Task details: Without the pictures, give every record again exactly.

Data for this exercise:
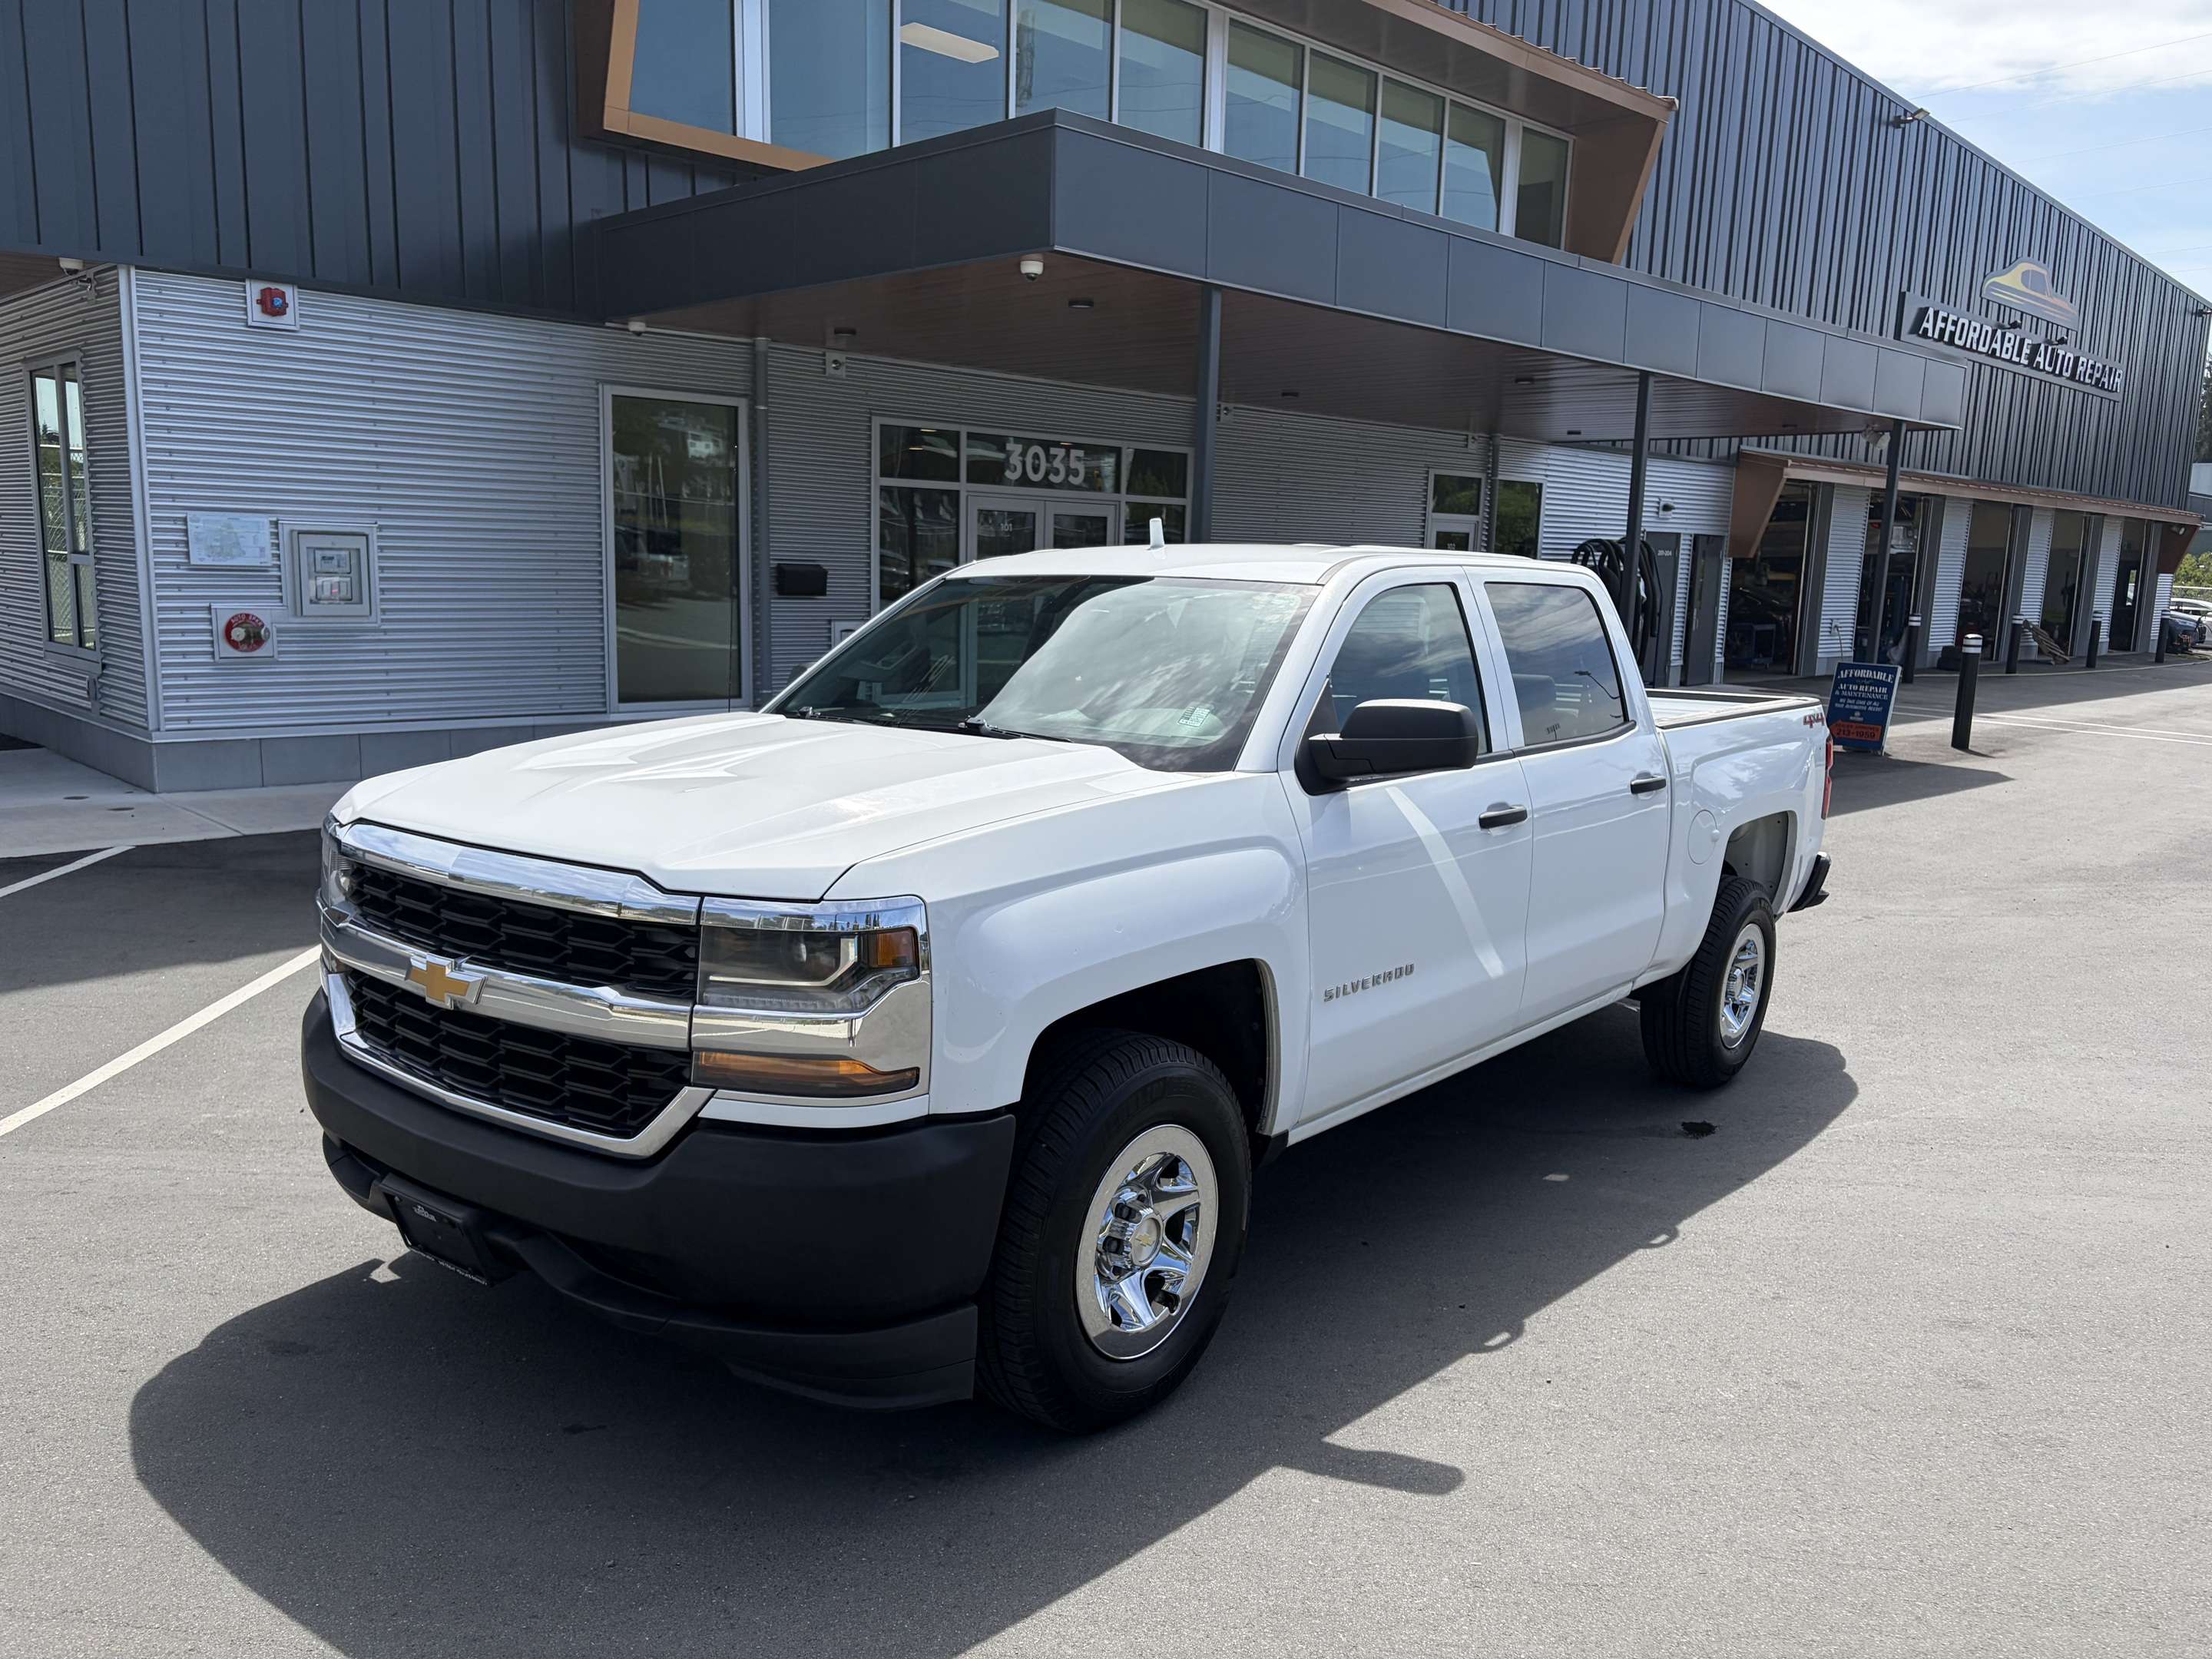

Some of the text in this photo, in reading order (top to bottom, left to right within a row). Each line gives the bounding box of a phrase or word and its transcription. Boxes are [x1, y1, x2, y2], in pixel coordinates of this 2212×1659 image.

[1919, 307, 2124, 393] AFFORDABLE AUTO REPAIR
[1004, 442, 1085, 485] 3035
[1837, 669, 1893, 683] AFFORDABLE
[1859, 684, 1888, 694] REPAIR
[1840, 690, 1889, 700] MAINTENANCE
[1323, 962, 1415, 1002] SILVERADO

Answer to the problem:
Some of the text in this photo, in reading order (top to bottom, left to right within a row). Each line gives the bounding box of a phrase or word and its transcription. Boxes are [x1, y1, x2, y2], in pixel coordinates of this 2212×1659 image.

[1919, 307, 2124, 393] AFFORDABLE AUTO REPAIR
[1004, 442, 1085, 485] 3035
[1837, 669, 1893, 683] AFFORDABLE
[1859, 684, 1888, 694] REPAIR
[1840, 690, 1889, 700] MAINTENANCE
[1323, 962, 1415, 1002] SILVERADO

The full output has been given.